These entries must be printed again exactly as they are.

━━━━

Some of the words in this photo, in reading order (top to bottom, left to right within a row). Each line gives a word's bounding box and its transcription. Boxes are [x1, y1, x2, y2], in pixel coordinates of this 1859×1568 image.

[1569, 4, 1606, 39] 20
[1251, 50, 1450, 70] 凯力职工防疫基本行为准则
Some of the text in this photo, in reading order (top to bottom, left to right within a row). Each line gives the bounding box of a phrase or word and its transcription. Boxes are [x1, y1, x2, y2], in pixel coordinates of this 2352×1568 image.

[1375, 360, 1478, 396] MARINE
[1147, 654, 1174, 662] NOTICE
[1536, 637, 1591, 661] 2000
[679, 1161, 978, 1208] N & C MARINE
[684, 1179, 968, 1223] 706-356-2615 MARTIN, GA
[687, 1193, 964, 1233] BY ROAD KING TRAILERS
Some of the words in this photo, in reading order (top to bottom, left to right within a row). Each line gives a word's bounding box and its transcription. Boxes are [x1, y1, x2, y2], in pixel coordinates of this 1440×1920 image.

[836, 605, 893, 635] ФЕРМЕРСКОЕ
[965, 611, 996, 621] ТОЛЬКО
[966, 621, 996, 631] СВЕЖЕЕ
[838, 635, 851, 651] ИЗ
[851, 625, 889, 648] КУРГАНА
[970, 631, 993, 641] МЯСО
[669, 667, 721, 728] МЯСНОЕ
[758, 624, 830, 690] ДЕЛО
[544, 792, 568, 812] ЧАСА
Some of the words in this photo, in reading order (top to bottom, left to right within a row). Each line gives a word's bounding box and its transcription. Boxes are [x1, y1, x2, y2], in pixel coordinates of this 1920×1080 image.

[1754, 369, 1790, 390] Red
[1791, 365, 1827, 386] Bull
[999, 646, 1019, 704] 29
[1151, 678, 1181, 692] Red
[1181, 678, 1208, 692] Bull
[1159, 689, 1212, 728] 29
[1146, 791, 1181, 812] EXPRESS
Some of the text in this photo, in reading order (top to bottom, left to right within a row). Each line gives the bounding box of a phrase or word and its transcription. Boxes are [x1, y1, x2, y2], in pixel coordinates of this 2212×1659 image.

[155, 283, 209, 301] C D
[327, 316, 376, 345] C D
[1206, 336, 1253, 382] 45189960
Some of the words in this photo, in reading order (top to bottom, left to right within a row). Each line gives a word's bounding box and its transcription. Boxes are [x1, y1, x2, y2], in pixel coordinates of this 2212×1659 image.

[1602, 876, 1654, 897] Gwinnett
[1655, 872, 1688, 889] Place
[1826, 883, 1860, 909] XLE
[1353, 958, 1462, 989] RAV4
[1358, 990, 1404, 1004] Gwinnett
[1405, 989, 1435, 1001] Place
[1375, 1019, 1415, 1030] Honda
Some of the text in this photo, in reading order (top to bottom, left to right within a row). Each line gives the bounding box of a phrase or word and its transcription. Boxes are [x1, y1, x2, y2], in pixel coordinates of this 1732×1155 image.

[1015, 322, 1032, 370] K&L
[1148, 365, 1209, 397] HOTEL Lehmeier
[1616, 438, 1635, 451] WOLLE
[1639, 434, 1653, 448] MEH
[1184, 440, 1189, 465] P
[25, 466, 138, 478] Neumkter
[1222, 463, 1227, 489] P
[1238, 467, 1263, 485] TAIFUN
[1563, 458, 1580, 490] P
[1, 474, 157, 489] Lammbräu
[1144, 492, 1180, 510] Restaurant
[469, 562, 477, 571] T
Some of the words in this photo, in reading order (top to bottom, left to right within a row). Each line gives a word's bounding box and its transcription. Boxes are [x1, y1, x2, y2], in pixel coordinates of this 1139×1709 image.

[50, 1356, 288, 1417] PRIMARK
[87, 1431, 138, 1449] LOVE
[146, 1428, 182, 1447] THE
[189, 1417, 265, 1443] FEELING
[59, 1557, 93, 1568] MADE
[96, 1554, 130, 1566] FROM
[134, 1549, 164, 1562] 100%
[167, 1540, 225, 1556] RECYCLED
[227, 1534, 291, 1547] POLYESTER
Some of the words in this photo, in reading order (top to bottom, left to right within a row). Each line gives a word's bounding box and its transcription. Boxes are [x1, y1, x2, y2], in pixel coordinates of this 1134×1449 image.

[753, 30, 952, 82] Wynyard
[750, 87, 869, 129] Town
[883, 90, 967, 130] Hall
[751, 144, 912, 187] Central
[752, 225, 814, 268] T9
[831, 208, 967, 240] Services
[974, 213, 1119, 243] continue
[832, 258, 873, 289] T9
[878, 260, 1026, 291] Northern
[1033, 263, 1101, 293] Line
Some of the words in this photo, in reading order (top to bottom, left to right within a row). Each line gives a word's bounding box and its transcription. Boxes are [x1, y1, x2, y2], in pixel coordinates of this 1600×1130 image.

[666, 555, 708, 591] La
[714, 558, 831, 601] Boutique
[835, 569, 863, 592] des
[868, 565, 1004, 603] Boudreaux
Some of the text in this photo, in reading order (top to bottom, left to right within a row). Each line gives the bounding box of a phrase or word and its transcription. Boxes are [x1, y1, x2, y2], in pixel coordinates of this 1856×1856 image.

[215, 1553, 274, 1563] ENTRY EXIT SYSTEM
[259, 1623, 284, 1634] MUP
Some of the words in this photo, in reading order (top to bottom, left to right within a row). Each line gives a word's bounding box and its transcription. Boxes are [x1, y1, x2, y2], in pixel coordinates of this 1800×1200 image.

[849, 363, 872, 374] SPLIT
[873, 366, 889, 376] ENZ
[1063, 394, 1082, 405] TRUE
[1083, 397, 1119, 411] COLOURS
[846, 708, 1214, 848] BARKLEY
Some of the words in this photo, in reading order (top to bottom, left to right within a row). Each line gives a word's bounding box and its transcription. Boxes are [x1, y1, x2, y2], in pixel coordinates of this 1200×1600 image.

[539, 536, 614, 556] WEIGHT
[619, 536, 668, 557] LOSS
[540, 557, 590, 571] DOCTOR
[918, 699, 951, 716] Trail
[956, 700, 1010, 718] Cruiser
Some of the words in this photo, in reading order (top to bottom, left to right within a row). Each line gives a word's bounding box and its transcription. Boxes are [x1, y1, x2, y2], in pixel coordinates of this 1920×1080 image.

━━━━

> **Task output**
Some of the words in this photo, in reading order (top to bottom, left to right within a row). Each line gives a word's bounding box and its transcription. Boxes are [x1, y1, x2, y2], in pixel coordinates of this 1859×1568 image.

[1569, 4, 1606, 39] 20
[1251, 50, 1450, 70] 凯力职工防疫基本行为准则
Some of the text in this photo, in reading order (top to bottom, left to right within a row). Each line gives the bounding box of a phrase or word and its transcription. Boxes are [x1, y1, x2, y2], in pixel coordinates of this 2352×1568 image.

[1375, 360, 1478, 396] MARINE
[1147, 654, 1174, 662] NOTICE
[1536, 637, 1591, 661] 2000
[679, 1161, 978, 1208] N & C MARINE
[684, 1179, 968, 1223] 706-356-2615 MARTIN, GA
[687, 1193, 964, 1233] BY ROAD KING TRAILERS
Some of the words in this photo, in reading order (top to bottom, left to right within a row). Each line gives a word's bounding box and its transcription. Boxes are [x1, y1, x2, y2], in pixel coordinates of this 1440×1920 image.

[836, 605, 893, 635] ФЕРМЕРСКОЕ
[965, 611, 996, 621] ТОЛЬКО
[966, 621, 996, 631] СВЕЖЕЕ
[838, 635, 851, 651] ИЗ
[851, 625, 889, 648] КУРГАНА
[970, 631, 993, 641] МЯСО
[669, 667, 721, 728] МЯСНОЕ
[758, 624, 830, 690] ДЕЛО
[544, 792, 568, 812] ЧАСА
Some of the words in this photo, in reading order (top to bottom, left to right within a row). Each line gives a word's bounding box and its transcription. Boxes are [x1, y1, x2, y2], in pixel coordinates of this 1920×1080 image.

[1754, 369, 1790, 390] Red
[1791, 365, 1827, 386] Bull
[999, 646, 1019, 704] 29
[1151, 678, 1181, 692] Red
[1181, 678, 1208, 692] Bull
[1159, 689, 1212, 728] 29
[1146, 791, 1181, 812] EXPRESS
Some of the text in this photo, in reading order (top to bottom, left to right within a row). Each line gives the bounding box of a phrase or word and its transcription. Boxes are [x1, y1, x2, y2], in pixel coordinates of this 2212×1659 image.

[155, 283, 209, 301] C D
[327, 316, 376, 345] C D
[1206, 336, 1253, 382] 45189960
Some of the words in this photo, in reading order (top to bottom, left to right within a row). Each line gives a word's bounding box and its transcription. Boxes are [x1, y1, x2, y2], in pixel coordinates of this 2212×1659 image.

[1602, 876, 1654, 897] Gwinnett
[1655, 872, 1688, 889] Place
[1826, 883, 1860, 909] XLE
[1353, 958, 1462, 989] RAV4
[1358, 990, 1404, 1004] Gwinnett
[1405, 989, 1435, 1001] Place
[1375, 1019, 1415, 1030] Honda
Some of the text in this photo, in reading order (top to bottom, left to right within a row). Each line gives the bounding box of a phrase or word and its transcription. Boxes are [x1, y1, x2, y2], in pixel coordinates of this 1732×1155 image.

[1015, 322, 1032, 370] K&L
[1148, 365, 1209, 397] HOTEL Lehmeier
[1616, 438, 1635, 451] WOLLE
[1639, 434, 1653, 448] MEH
[1184, 440, 1189, 465] P
[25, 466, 138, 478] Neumkter
[1222, 463, 1227, 489] P
[1238, 467, 1263, 485] TAIFUN
[1563, 458, 1580, 490] P
[1, 474, 157, 489] Lammbräu
[1144, 492, 1180, 510] Restaurant
[469, 562, 477, 571] T
Some of the words in this photo, in reading order (top to bottom, left to right within a row). Each line gives a word's bounding box and its transcription. Boxes are [x1, y1, x2, y2], in pixel coordinates of this 1139×1709 image.

[50, 1356, 288, 1417] PRIMARK
[87, 1431, 138, 1449] LOVE
[146, 1428, 182, 1447] THE
[189, 1417, 265, 1443] FEELING
[59, 1557, 93, 1568] MADE
[96, 1554, 130, 1566] FROM
[134, 1549, 164, 1562] 100%
[167, 1540, 225, 1556] RECYCLED
[227, 1534, 291, 1547] POLYESTER
Some of the words in this photo, in reading order (top to bottom, left to right within a row). Each line gives a word's bounding box and its transcription. Boxes are [x1, y1, x2, y2], in pixel coordinates of this 1134×1449 image.

[753, 30, 952, 82] Wynyard
[750, 87, 869, 129] Town
[883, 90, 967, 130] Hall
[751, 144, 912, 187] Central
[752, 225, 814, 268] T9
[831, 208, 967, 240] Services
[974, 213, 1119, 243] continue
[832, 258, 873, 289] T9
[878, 260, 1026, 291] Northern
[1033, 263, 1101, 293] Line
Some of the words in this photo, in reading order (top to bottom, left to right within a row). Each line gives a word's bounding box and its transcription. Boxes are [x1, y1, x2, y2], in pixel coordinates of this 1600×1130 image.

[666, 555, 708, 591] La
[714, 558, 831, 601] Boutique
[835, 569, 863, 592] des
[868, 565, 1004, 603] Boudreaux
Some of the text in this photo, in reading order (top to bottom, left to right within a row). Each line gives the bounding box of a phrase or word and its transcription. Boxes are [x1, y1, x2, y2], in pixel coordinates of this 1856×1856 image.

[215, 1553, 274, 1563] ENTRY EXIT SYSTEM
[259, 1623, 284, 1634] MUP
Some of the words in this photo, in reading order (top to bottom, left to right within a row). Each line gives a word's bounding box and its transcription. Boxes are [x1, y1, x2, y2], in pixel coordinates of this 1800×1200 image.

[849, 363, 872, 374] SPLIT
[873, 366, 889, 376] ENZ
[1063, 394, 1082, 405] TRUE
[1083, 397, 1119, 411] COLOURS
[846, 708, 1214, 848] BARKLEY
Some of the words in this photo, in reading order (top to bottom, left to right within a row). Each line gives a word's bounding box and its transcription. Boxes are [x1, y1, x2, y2], in pixel coordinates of this 1200×1600 image.

[539, 536, 614, 556] WEIGHT
[619, 536, 668, 557] LOSS
[540, 557, 590, 571] DOCTOR
[918, 699, 951, 716] Trail
[956, 700, 1010, 718] Cruiser
Some of the words in this photo, in reading order (top to bottom, left to right within a row). Each line gives a word's bounding box and its transcription. Boxes are [x1, y1, x2, y2], in pixel coordinates of this 1920×1080 image.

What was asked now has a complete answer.